Free-text object descriptions:
____________

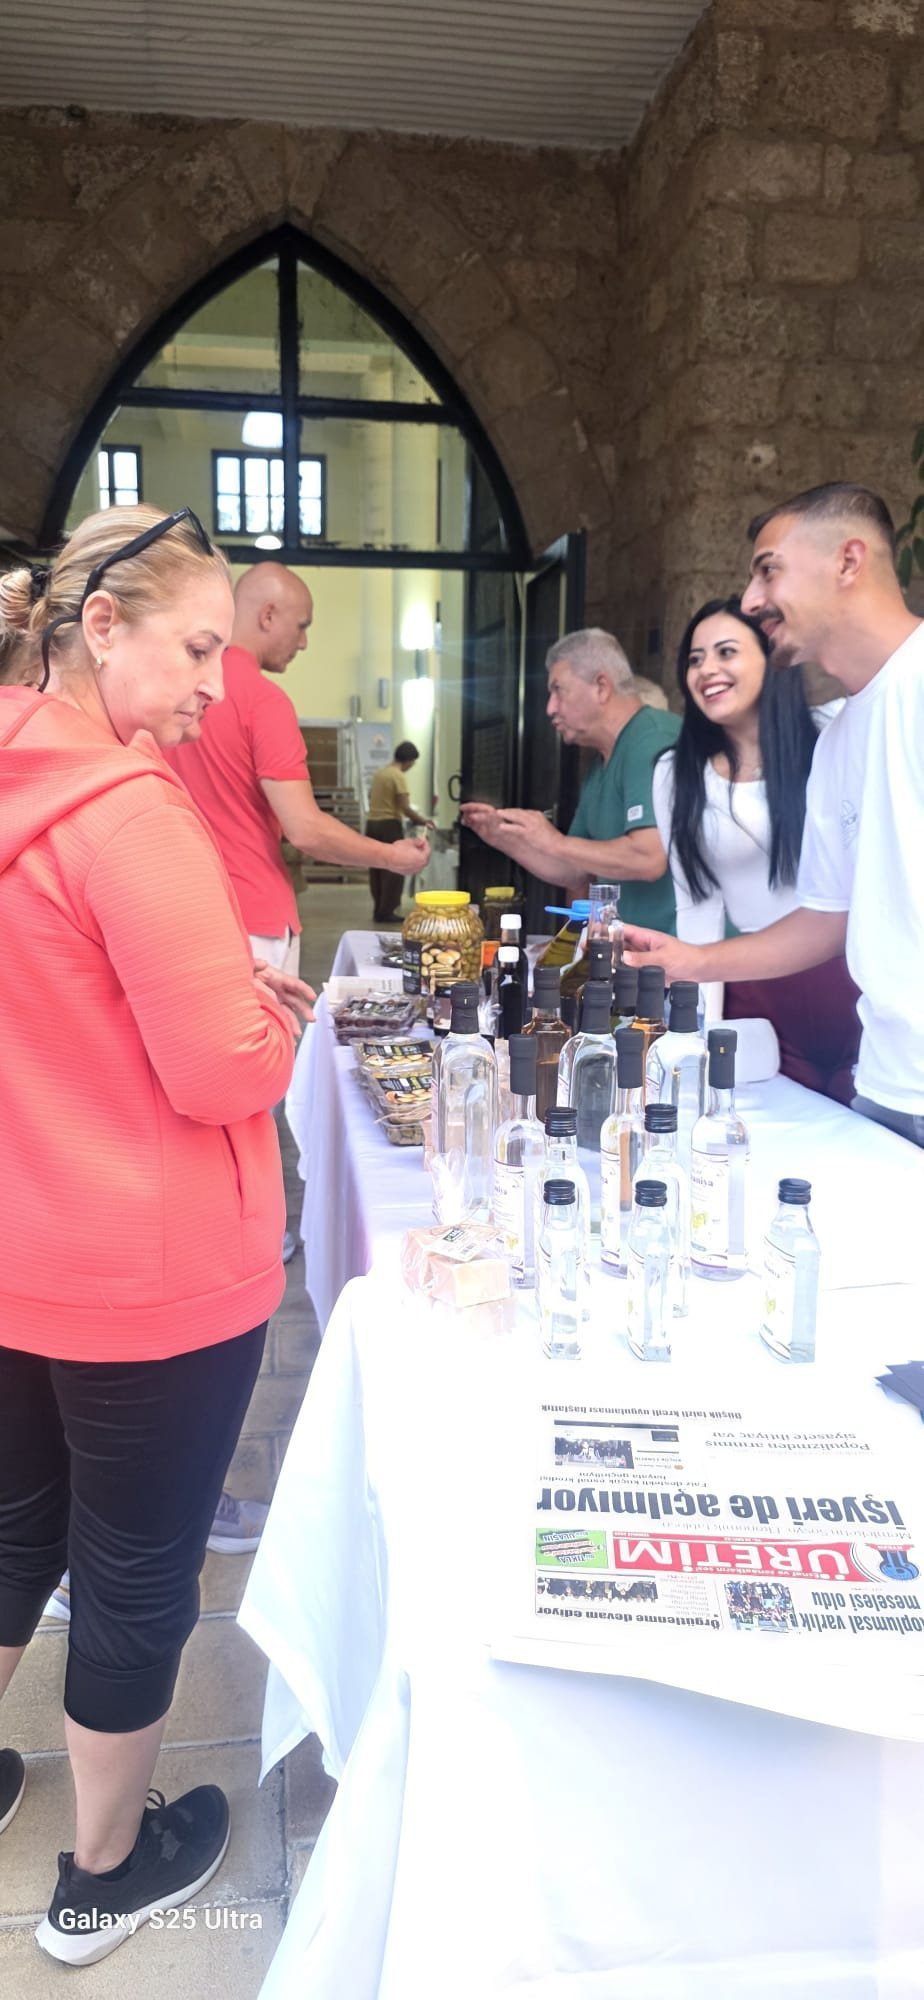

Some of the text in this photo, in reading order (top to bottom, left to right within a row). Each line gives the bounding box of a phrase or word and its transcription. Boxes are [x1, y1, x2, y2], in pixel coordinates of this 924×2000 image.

[537, 1487, 719, 1519] açılmıyor
[729, 1494, 779, 1524] de
[617, 1538, 849, 1581] ÜRETİM
[812, 1592, 921, 1612] meselesi oldu
[537, 1607, 720, 1630] Örgütlenme devam ediyor
[800, 1613, 846, 1632] varlık
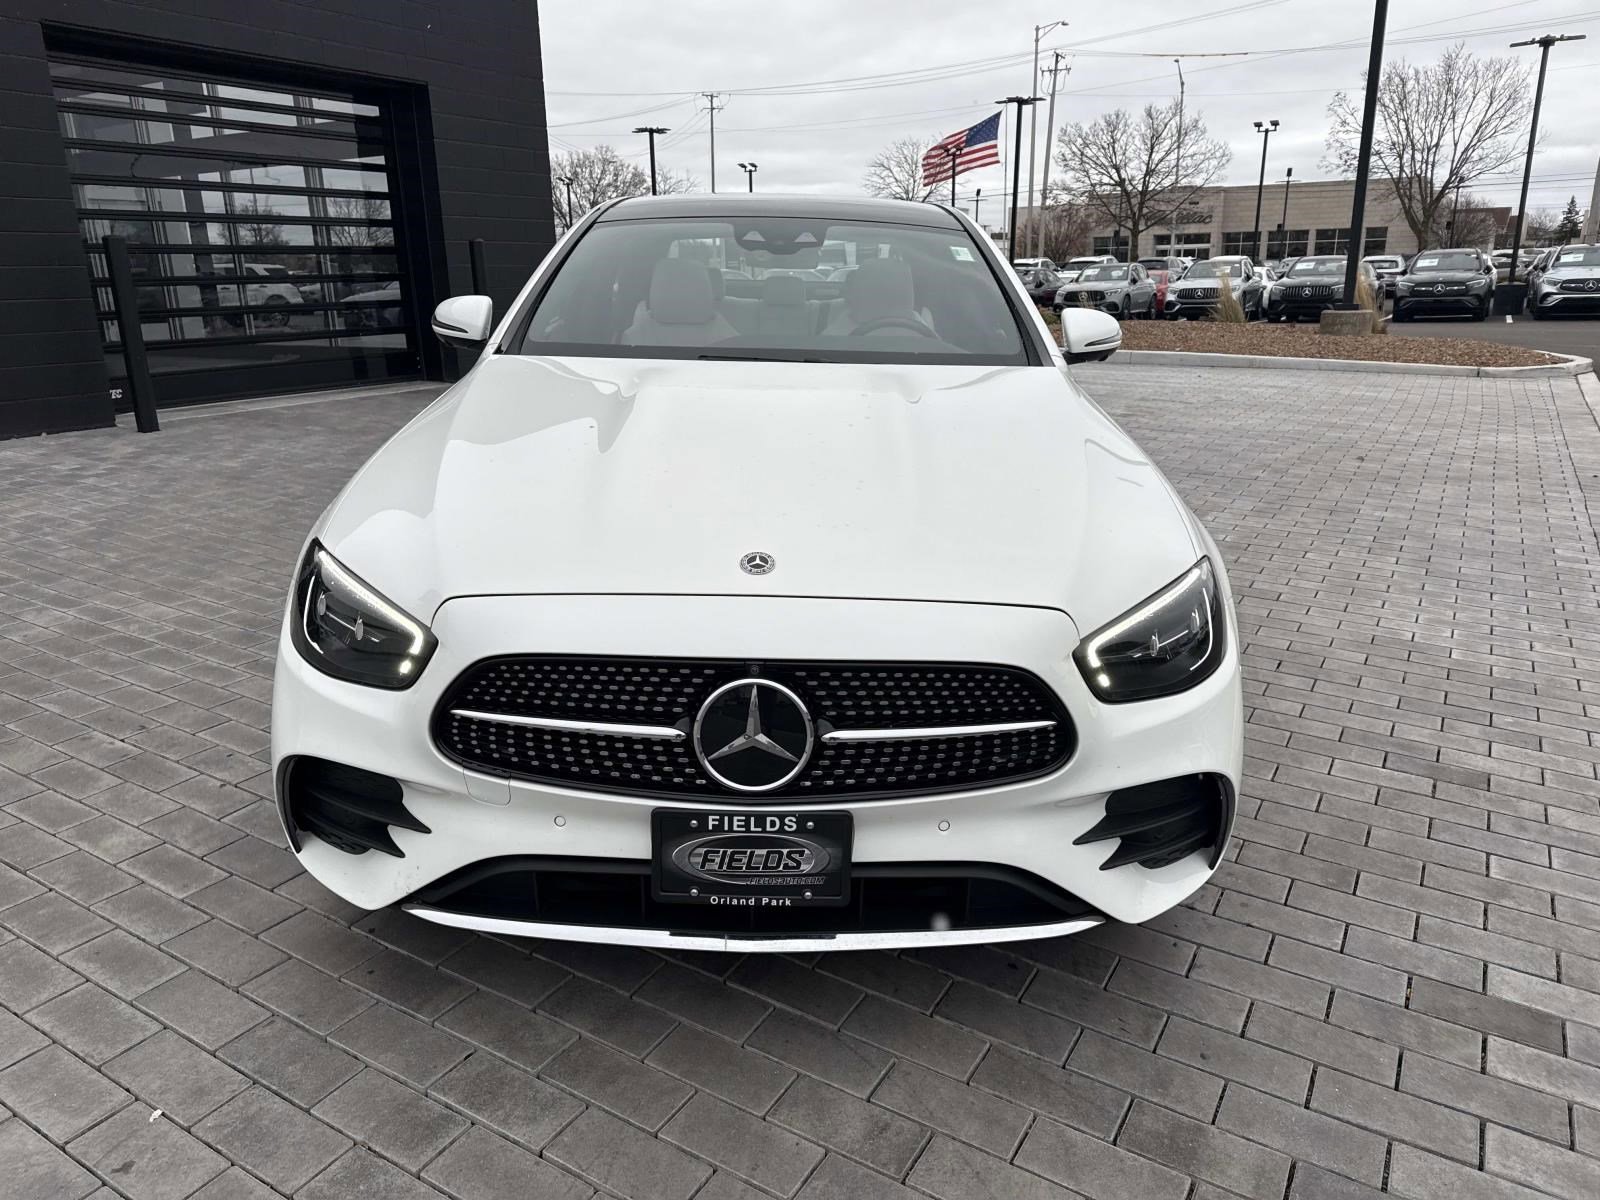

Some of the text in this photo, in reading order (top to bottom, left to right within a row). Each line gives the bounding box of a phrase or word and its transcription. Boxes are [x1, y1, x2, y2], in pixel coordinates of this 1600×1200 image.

[708, 815, 798, 832] FIELDS
[699, 849, 806, 871] FIELDS
[710, 896, 791, 906] Orland Park

____________

# ACTIVITY:
Output the lines above verbatim, images excluded.

# YOUR SOLUTION:
Some of the text in this photo, in reading order (top to bottom, left to right within a row). Each line gives the bounding box of a phrase or word and its transcription. Boxes are [x1, y1, x2, y2], in pixel coordinates of this 924×2000 image.

[537, 1487, 719, 1519] açılmıyor
[729, 1494, 779, 1524] de
[617, 1538, 849, 1581] ÜRETİM
[812, 1592, 921, 1612] meselesi oldu
[537, 1607, 720, 1630] Örgütlenme devam ediyor
[800, 1613, 846, 1632] varlık

Some of the text in this photo, in reading order (top to bottom, left to right within a row). Each line gives the bounding box of a phrase or word and its transcription. Boxes are [x1, y1, x2, y2], in pixel coordinates of this 1600×1200 image.

[708, 815, 798, 832] FIELDS
[699, 849, 806, 871] FIELDS
[710, 896, 791, 906] Orland Park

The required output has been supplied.